A Interpol desmantelou em Essuatíni, no sul da África, uma falsa delegacia da Polícia Federal brasileira e prendeu 82 pessoas. A estrutura era usada para golpes financeiros, jogos de azar on-line ilegais e lavagem de dinheiro durante a operação First Light 2026.
Os suspeitos usavam uniformes e uma estrutura que imitava uma unidade da PF durante videochamadas. A encenação dava aparência oficial às abordagens feitas contra vítimas de fraudes.
Em resumo:
- A operação prendeu 82 pessoas em Essuatíni.
- A central imitava uma delegacia da Polícia Federal brasileira.
- As autoridades apreenderam 240 computadores e celulares.
Central usava símbolos policiais para dar credibilidade aos golpes
A estrutura reproduzia placas, uniformes e outros elementos associados à polícia brasileira.
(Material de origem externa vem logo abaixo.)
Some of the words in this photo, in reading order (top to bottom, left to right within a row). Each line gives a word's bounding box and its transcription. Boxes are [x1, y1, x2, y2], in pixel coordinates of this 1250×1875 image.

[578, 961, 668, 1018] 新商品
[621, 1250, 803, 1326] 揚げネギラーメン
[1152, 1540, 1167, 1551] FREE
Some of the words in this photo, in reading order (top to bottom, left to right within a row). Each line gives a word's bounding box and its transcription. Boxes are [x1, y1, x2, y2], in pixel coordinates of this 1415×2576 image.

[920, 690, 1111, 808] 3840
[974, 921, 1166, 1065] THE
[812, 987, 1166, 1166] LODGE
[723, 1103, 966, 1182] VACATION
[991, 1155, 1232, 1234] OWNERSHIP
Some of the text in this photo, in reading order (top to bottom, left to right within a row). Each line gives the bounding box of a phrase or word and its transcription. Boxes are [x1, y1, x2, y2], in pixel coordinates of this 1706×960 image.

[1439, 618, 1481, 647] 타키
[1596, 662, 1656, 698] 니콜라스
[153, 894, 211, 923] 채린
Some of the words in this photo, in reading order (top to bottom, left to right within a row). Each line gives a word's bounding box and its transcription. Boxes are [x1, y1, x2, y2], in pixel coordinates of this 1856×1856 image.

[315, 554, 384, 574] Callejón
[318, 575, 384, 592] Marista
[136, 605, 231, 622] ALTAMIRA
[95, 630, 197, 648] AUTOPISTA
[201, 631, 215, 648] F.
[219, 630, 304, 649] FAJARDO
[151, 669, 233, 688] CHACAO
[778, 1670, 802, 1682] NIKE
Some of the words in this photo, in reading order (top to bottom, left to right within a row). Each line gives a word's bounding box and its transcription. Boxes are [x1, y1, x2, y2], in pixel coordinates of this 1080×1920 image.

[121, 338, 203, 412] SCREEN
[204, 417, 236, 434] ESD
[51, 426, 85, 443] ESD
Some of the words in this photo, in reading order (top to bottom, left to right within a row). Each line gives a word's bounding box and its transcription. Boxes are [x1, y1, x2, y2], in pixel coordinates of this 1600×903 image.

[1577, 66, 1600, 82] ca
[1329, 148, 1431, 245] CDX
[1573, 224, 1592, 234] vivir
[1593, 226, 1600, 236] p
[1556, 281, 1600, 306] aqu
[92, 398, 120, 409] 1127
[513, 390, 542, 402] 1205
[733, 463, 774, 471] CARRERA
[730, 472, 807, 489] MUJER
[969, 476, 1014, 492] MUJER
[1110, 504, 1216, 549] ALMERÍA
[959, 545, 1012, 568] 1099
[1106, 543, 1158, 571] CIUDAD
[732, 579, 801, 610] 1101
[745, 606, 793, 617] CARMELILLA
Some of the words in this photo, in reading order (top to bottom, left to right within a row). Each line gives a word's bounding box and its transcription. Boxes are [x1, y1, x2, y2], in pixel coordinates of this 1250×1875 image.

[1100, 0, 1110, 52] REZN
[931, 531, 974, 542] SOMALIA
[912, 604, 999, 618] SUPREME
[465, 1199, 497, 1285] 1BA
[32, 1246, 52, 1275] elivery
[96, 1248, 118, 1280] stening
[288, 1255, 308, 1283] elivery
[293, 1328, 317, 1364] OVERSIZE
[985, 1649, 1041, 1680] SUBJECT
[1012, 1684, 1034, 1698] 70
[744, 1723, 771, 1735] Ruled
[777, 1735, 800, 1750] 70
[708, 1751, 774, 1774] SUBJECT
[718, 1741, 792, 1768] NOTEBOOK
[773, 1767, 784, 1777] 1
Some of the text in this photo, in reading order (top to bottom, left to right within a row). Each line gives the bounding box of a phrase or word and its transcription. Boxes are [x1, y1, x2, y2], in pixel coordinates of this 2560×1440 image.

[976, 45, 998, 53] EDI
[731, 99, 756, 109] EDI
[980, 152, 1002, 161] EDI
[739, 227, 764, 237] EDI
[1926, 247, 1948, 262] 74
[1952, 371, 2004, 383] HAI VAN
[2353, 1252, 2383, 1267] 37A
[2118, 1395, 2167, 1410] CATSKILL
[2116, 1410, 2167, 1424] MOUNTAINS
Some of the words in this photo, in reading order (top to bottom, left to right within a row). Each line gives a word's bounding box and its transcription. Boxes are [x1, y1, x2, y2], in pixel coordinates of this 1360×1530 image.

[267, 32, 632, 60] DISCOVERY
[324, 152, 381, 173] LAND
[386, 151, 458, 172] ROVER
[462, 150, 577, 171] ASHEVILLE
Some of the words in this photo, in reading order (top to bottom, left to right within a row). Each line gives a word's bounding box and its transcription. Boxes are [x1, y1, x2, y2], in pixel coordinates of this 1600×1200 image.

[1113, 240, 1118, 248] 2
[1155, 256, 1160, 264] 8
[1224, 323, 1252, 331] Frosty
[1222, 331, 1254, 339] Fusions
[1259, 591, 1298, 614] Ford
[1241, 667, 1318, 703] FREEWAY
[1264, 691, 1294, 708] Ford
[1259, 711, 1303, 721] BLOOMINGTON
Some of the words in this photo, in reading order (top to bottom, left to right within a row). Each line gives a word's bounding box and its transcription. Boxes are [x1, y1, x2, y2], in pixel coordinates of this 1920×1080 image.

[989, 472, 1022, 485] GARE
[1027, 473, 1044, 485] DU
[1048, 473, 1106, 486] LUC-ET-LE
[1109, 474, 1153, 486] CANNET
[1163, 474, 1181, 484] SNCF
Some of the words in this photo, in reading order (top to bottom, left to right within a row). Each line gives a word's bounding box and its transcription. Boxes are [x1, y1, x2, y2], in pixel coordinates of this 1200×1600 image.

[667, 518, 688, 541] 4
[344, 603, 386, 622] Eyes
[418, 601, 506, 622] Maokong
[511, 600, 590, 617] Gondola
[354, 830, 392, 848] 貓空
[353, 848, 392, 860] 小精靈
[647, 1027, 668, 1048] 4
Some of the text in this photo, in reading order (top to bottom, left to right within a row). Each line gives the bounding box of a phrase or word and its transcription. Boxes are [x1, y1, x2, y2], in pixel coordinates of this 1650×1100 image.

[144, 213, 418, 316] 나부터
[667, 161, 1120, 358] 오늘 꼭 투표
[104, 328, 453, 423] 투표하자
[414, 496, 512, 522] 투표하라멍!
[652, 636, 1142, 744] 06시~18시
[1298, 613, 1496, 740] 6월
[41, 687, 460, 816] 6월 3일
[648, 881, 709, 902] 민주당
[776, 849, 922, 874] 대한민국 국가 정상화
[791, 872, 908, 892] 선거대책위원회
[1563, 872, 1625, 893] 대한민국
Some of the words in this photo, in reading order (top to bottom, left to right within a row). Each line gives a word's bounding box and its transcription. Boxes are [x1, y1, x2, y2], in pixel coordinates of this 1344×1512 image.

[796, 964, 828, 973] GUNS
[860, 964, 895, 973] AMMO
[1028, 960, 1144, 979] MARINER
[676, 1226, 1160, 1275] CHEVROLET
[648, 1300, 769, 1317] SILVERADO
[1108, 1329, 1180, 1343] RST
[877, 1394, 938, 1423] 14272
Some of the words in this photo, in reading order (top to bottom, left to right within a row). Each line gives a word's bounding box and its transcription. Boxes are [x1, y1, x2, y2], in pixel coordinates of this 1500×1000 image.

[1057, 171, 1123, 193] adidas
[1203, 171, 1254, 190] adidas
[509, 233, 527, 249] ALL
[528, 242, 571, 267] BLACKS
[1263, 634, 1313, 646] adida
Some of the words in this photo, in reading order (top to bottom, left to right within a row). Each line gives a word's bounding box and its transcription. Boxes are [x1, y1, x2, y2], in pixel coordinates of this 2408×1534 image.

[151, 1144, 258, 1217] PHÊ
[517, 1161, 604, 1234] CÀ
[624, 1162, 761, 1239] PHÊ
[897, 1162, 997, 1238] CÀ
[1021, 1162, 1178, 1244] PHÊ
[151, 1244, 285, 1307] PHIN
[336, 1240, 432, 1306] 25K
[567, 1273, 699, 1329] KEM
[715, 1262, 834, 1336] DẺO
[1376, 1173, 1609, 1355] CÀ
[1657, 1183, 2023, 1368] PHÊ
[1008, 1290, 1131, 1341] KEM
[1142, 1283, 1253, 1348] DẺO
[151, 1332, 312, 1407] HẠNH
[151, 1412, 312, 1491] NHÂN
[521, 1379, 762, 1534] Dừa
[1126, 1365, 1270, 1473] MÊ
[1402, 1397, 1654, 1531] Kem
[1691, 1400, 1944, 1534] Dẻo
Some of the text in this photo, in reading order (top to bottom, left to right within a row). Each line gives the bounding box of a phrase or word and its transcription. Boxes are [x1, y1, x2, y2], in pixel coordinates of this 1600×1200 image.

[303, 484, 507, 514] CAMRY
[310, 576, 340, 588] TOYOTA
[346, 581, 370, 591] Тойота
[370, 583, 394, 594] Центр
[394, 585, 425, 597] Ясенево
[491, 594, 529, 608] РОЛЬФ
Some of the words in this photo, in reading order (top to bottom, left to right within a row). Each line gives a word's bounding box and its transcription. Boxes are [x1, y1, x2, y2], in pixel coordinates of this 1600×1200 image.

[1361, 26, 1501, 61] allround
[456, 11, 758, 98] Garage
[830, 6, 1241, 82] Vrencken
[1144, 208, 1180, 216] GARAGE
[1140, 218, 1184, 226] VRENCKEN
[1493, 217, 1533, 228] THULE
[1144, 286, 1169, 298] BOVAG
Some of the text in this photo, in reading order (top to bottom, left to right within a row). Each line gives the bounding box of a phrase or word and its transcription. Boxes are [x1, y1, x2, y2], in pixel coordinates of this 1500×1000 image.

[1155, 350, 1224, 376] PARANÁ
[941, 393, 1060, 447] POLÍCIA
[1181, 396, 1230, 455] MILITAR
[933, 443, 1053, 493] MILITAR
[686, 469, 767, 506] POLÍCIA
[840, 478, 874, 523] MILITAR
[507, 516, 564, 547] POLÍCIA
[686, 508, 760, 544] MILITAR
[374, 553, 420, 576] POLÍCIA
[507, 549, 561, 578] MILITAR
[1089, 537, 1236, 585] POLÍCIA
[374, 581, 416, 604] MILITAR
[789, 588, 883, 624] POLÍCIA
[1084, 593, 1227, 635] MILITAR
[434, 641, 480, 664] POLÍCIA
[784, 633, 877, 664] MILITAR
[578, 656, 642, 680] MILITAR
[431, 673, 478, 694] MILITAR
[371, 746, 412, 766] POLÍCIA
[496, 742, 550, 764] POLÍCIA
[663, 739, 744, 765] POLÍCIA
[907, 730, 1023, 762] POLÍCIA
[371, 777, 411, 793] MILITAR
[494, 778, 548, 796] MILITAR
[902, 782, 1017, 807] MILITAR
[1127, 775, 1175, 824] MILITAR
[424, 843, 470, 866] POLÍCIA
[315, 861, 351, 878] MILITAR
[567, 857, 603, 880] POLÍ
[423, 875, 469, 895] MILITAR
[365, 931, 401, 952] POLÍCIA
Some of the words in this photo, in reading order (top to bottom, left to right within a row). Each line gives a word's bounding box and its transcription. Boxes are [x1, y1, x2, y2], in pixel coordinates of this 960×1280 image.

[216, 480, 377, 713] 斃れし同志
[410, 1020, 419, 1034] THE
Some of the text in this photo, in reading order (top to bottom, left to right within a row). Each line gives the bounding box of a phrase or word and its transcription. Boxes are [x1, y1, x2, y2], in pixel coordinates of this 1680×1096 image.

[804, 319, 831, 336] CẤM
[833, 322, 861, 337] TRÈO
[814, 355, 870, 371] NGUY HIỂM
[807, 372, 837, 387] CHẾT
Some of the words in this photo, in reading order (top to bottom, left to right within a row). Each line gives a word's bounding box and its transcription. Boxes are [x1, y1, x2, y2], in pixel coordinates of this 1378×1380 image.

Durante as chamadas, os integrantes do grupo se apresentavam como agentes e orientavam transferências de dinheiro para contas controladas pelo esquema.
Foram apreendidos 240 dispositivos eletrônicos, entre computadores e celulares. A Interpol enviou uma equipe de apoio operacional para auxiliar as autoridades locais na análise forense do material recolhido.
Operação First Light 2026 mira redes internacionais de fraude
A ação em Essuatíni fez parte da operação global First Light 2026, voltada ao combate a redes de fraude on-line e engenharia social.
A perícia dos equipamentos deverá ajudar a identificar vítimas, movimentações financeiras e possíveis conexões internacionais da central desmantelada.